The popular explanation as to how Bendinat acquired its name lies with the 1229 conquest by King Jaume. “Bé hem dinat”, we’ve dined well, supplies this explanation, legend having it that the king uttered these words after a meagre meal. In fact, legend just adjusted what was already there - a farmstead known after the owner, Abedinar. But Jaume and his men did camp there, they having scored their victory in Santa Ponsa. Remains of the clashes with the Muslims have been found on the Puig de Sa Morisca, and it is on the puig where a museum is definitely being developed.

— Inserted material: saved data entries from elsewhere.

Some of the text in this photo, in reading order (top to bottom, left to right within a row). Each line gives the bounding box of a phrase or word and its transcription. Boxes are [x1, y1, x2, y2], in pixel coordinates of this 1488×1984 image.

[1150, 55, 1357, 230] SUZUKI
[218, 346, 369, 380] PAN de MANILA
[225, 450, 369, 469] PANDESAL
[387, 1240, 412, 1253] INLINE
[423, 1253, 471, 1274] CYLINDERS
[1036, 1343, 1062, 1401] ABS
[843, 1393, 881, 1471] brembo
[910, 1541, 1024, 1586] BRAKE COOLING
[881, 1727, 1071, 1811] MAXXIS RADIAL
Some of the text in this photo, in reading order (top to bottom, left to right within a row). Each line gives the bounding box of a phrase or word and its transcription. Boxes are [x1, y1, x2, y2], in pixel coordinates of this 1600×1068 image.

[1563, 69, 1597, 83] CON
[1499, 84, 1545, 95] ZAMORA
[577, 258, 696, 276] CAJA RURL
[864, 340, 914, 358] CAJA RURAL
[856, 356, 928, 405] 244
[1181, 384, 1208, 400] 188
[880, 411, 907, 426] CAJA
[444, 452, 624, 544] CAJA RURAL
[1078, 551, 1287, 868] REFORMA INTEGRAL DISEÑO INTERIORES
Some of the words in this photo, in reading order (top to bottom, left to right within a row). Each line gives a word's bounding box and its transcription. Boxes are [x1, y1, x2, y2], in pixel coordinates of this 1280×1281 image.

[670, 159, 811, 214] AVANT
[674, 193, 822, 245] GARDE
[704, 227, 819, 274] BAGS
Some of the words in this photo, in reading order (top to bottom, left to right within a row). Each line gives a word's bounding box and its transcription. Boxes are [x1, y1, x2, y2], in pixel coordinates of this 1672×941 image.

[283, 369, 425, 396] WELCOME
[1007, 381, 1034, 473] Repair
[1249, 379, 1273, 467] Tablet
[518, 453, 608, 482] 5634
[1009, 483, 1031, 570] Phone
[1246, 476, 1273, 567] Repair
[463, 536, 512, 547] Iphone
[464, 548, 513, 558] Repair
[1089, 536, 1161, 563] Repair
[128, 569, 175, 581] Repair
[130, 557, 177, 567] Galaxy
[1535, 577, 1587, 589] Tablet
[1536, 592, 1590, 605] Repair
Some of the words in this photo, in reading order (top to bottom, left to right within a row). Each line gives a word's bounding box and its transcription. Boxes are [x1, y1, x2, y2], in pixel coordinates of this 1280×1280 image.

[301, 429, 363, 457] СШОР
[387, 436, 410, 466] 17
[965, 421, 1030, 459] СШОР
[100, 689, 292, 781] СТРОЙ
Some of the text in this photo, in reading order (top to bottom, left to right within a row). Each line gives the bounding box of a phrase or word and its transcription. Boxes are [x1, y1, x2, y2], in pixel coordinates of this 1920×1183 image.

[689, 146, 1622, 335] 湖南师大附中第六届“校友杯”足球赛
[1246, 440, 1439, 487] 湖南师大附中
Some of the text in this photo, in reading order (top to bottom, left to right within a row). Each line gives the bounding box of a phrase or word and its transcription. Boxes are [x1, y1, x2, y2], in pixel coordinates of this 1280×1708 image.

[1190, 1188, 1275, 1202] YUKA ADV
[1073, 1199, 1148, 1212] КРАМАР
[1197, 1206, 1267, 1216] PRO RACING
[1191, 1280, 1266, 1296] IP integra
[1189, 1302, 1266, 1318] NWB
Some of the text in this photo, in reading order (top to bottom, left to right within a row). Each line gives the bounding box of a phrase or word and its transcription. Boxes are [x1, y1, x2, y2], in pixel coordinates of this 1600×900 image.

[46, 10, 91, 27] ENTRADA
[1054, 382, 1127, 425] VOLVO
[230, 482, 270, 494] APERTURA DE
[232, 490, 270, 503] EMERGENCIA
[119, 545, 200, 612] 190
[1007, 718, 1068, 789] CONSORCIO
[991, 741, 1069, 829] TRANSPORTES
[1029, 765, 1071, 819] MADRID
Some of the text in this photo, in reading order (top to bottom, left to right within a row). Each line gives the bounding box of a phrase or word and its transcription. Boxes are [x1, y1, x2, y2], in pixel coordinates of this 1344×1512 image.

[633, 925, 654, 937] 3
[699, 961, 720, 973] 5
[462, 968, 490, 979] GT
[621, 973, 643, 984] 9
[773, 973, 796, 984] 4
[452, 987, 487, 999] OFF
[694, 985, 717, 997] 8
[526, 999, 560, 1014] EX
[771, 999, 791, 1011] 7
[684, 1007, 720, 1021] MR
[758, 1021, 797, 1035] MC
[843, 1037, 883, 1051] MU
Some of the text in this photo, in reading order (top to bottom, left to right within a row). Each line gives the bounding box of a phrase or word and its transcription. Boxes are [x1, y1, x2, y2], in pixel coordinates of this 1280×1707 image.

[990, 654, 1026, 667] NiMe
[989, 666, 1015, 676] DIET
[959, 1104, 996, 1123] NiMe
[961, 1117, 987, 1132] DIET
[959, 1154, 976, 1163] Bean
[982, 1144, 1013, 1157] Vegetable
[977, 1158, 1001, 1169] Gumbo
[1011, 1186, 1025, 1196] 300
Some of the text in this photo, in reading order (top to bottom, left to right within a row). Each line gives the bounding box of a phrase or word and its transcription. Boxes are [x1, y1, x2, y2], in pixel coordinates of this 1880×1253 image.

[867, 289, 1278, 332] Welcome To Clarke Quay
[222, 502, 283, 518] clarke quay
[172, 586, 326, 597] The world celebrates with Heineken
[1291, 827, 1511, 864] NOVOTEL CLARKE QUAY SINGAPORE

Calvia is set to finally have a large (or largish) public museum. The whole complex, which also includes the archaeological park, is scheduled to open to the public next year, although building work is expected to be completed during the first quarter of 2021. A Guggenheim it isn’t. The museum occupies some 1,500 square metres; the Guggenheim in Bilbao is over twenty times larger. But then, it wasn’t conceived to be in a Guggenheim style. The days of lavish projects came to an end because of the financial crisis. That the Sa Morisca museum is now seeing the light of day at all, and in a fairly modest way, is almost totally due to the tourist tax.
They have to yet gather the collections that will go on display, they being the town hall, the regional government, the Council of Majorca and the university: all represented in the Archaeological Park Foundation. “Humans in Contact” will be a permanent exhibition, an aspect of this contact over the centuries no doubt destined to be the bloody clashes between Jaume I’s men and the Muslims.
For Calvia, the museum offers the opportunity to extend the municipality’s cultural tourism product. All part of the diversification of tourism and the attempt to reduce seasonality, but how successful is it likely to be in terms of visitors and as an element of this drive towards diversification?
Ten years ago, an academic study was made of Majorca’s museums. In one telling section of the paper, the researcher, Francisco Copado Carralero, referred to the “mystery” of data for visitors. The regional Ibestat statistics institute was providing total figures for all museums, these figures having been provided by the national ministry of culture. The figure for 2010 was 2,652,860, which worked out at an average of almost 43,000 per museum (62 in all). Yet certain doubts were raised as to the accuracy of the figures.
The Council of Majorca had no figures of its own, as there was no system of control. The director of the Council’s museums and fine arts section was quoted as saying, apropos the Es Baluard museum in Palma, that counting was “lax”. It’s quite possible, Gabriel Pons observed, that everyone is counted, including those who just go to the bar and terraces, for which there is free entrance.
Numbers occasionally get reported in the media, but - and also where Es Baluard is concerned - how does one square what the museum stated on its own website for 2019 (97,587 visitors for the year) with a press report from the previous year which said there were 100,000 visitors in June and July alone?
Another press report, this one looking at a few museums in Palma in 2018, indicated that CaixaForum was getting just over 300,000 visitors a year. Well, yes, but then CaixaForum has all sorts of events, while a point to be made about Palma museums is that some tend to be on specific tourist routes, such as those for cruise ship visitors. Away from Palma, and what sort of numbers are we talking?
Ten years on, and as far as I’m aware, there still isn’t a systematic approach to gathering visitor data. That there is this deficiency isn’t a reason for questioning the value of museums, as I most certainly do not, but a true valuation of their contribution should be made, especially to the diversification of the tourism product.